Wenn es schon ein extra Landesgesetz gibt: Welche Besonderheiten gibt es denn dabei?

Jedes Bundesland hat über die Verordnung im Kern die Aufgabe, Datenschutzbeauftragte zu benennen und deren Befugnisse zu klären.

Aber das ist doch ein alter Hut. Was ist das Neue?

Wir haben uns beispielsweise dafür entschieden, dass dort, wo es Streit zwischen der öffentlichen Verwaltung und der Datenschutzbeauftragten gibt, die Vorgänge zu uns ins Parlament kommen, damit wir Abgeordnete das entscheiden können. Dann können wir auch sehen, ob wir noch eine weitere Gesetzesgrundlage für eine praktikable Regelung brauchen.

Was sind spezielle Berliner Dinge, die zu klären sind?

Da sind zum Beispiel die landeseigenen Wasserbetriebe, die BWB. Bisher schickten die jemanden vorbei, um den Zählerstand abzulesen.

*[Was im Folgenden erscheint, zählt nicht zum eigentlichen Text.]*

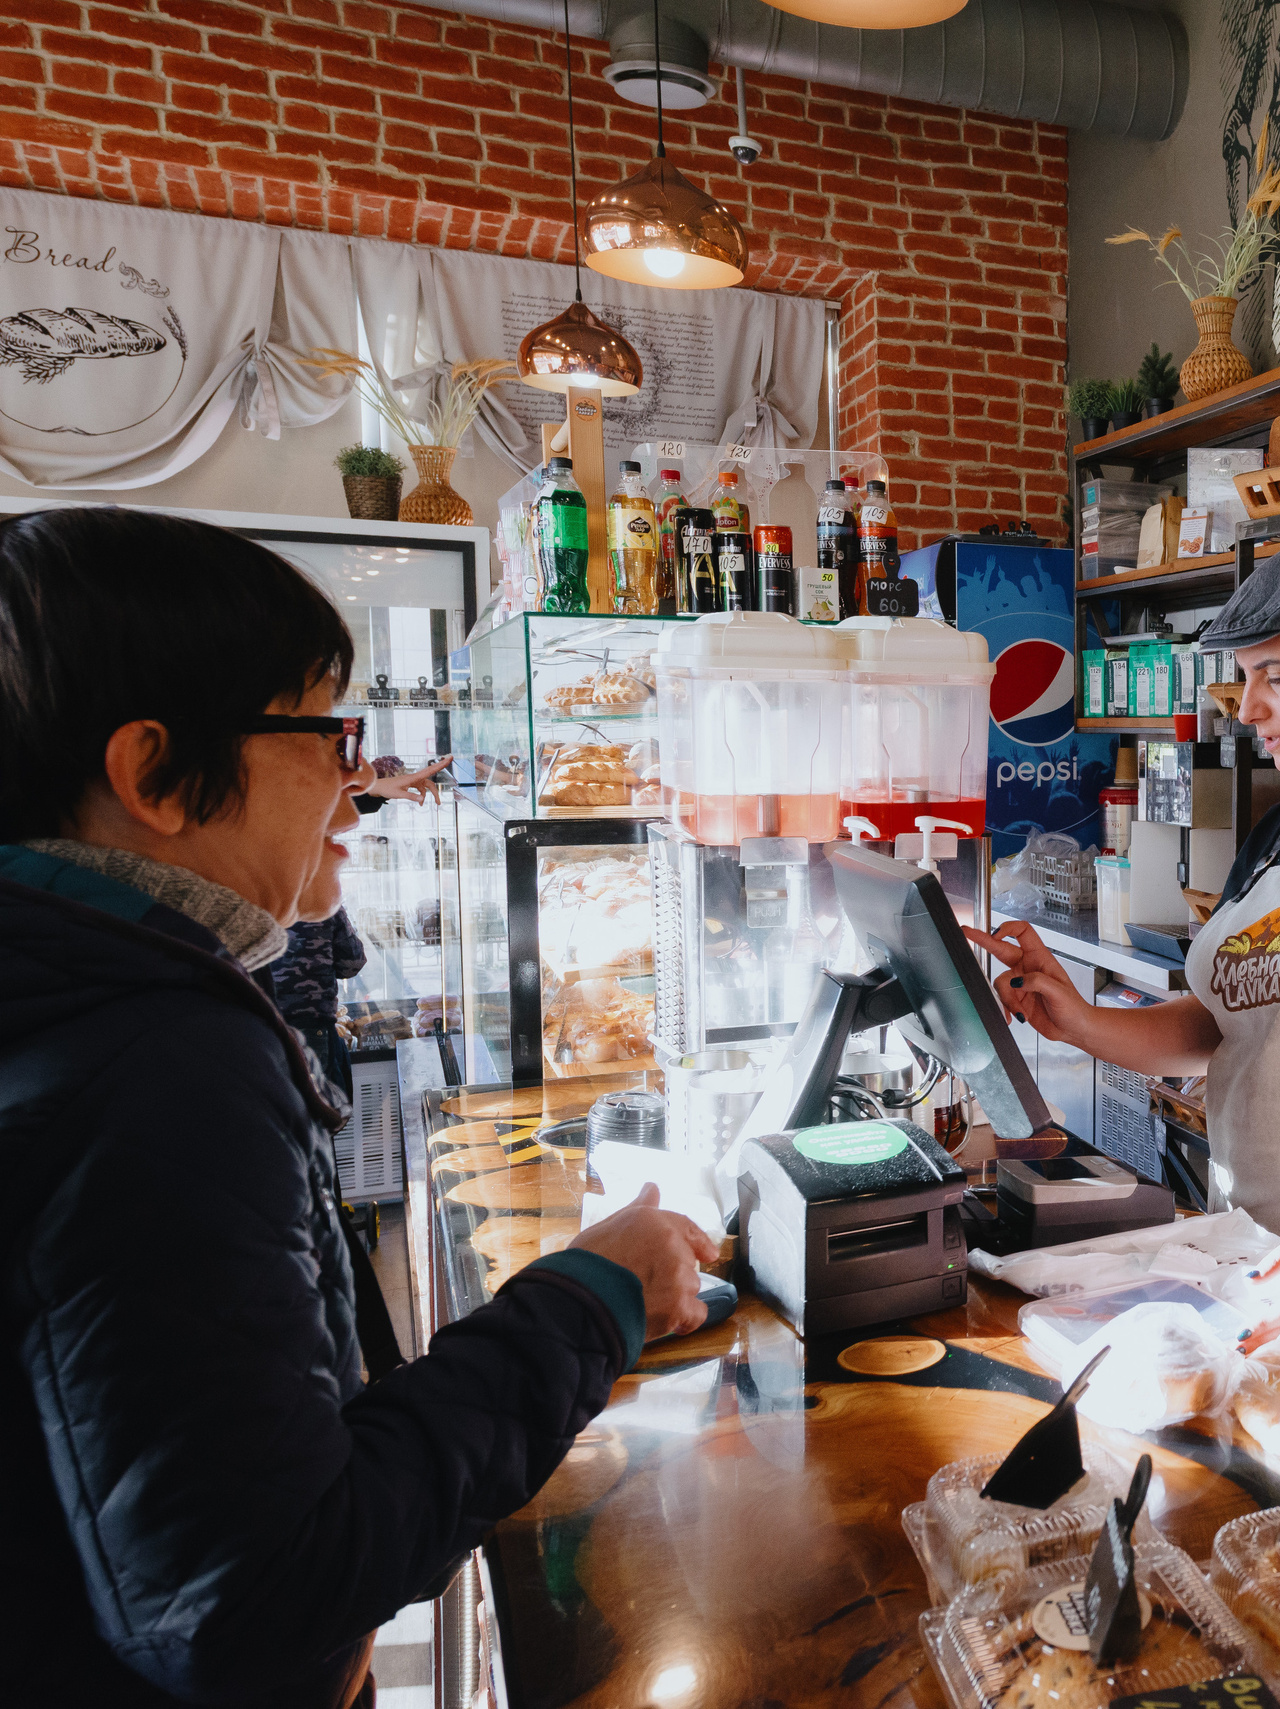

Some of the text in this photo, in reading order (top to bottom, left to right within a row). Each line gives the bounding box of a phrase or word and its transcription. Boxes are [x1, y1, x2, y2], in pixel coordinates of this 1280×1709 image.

Das soll künftig anders gehen.

Wie den?

Über neue elektronische Zähler, die die Wasserbetriebe einbauen wollen. Da gilt für uns: Der Kunde muss immer wissen können, wann was abgelesen wird, und er muss widersprechen können, wenn aus der Ablesung Verbrauchsprofile erzeugt werden können. Dazu sagen die Wasserbetriebe, wir wollen doch nur einmal im Jahr elektronisch ablesen, das spart doch auch Geld. Unsere Aufgabe ist nun, eine Rechtsgrundlage für das jährliche, elektronische Ablesen zu schaffen, aber gleichzeitig zu verhindern, dass ohne Einwilligung und Widerspruchsrecht Verbrauchsprofile etwa durch tägliches elektronisches Ablesen entstehen.

Senatorin Scheeres äußerte sich Dienstag kritisch zum Datenschutz: Der sorge dafür, dass Tausende Schulabgänger nicht mehr für Arbeitsberater erreichbar sind. Muss es grundsätzlich Ausnahmen geben?

Grundsätzliche Ausnahmen sehe ich kritisch, es braucht stattdessen für jeden Bereich klare Regelungen für den Umgang mit personenbezogenen Daten. Was spricht im konkreten Fall dagegen, dass vor Ende der Schulzeit die ja dafür etablierten Jugendberufsagenturen Angebote machen und die Schüler entscheiden, in welchem Umfang sie diese annehmen? In meinen Augen ist es zu spät, wenn sich diese Frage erst nach Ende der Schulzeit stellt.